Charles Burnett, Killer of Sheep, 1977

My understanding of how to create atmosphere, mood, and narrative largely comes from my love of film and cinema—from Michelangelo Antonioni, Ingmar Bergman, Alfred Hitchcock, and Charles Burnett to Wong Kar-wai. I love showing my students the relationship between these filmmakers’ visual language and that of classic photographers, like Eugène Atget, August Sander, Henri Cartier-Bresson, Walker Evans, and Parks. With its soundtrack and lyrical visual language, Killer of Sheep is the ultimate masterpiece. Set in the Watts neighborhood of Los Angeles, a portrait of American life is rendered as the protagonist Stan struggles with social class and disillusionment while working long hours at a slaughterhouse; the stress to generate financial stability strains relationships with his wife and close friends. The film is an incredible depiction of how we negotiate intimacy and how we are restricted by landscapes and labor.
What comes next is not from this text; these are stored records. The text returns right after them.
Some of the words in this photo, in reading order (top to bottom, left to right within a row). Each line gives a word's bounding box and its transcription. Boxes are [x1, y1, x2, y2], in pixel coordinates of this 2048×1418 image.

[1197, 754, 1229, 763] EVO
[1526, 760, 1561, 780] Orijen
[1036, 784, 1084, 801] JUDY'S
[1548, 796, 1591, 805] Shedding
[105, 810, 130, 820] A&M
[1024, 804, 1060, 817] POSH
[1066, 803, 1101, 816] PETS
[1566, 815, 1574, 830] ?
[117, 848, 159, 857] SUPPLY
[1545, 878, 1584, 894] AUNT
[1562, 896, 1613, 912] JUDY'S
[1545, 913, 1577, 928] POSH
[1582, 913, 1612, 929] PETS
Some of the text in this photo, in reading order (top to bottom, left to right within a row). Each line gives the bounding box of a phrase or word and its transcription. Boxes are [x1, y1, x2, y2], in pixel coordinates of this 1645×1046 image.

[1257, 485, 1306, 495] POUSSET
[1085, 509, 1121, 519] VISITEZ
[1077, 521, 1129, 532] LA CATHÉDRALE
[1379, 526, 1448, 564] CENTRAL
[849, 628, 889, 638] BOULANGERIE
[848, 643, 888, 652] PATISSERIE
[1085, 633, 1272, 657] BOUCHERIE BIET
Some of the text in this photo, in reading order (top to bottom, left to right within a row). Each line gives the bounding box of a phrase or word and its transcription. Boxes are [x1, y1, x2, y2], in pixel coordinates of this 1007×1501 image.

Jason Moran, “Artists Ought to Be Writing,” from the album Artist in Residence, 2006

Sometimes when I’m editing in the studio, I play music by jazz pianist and composer Jason Moran. I was brought deeper into his music when I heard artist Adrian Piper’s voice in his song “Artists Ought to Be Writing.” While writing the text to accompany my photographs in my first book, I followed Piper’s instructions: “Artists ought to be writing about what they do and what kinds of procedures they go through to realize a work. . . . If artists’ intentions and ideas were more accessible to the general public, I think it might break down some of the barriers of misunderstanding between the art world and artists and the general public.”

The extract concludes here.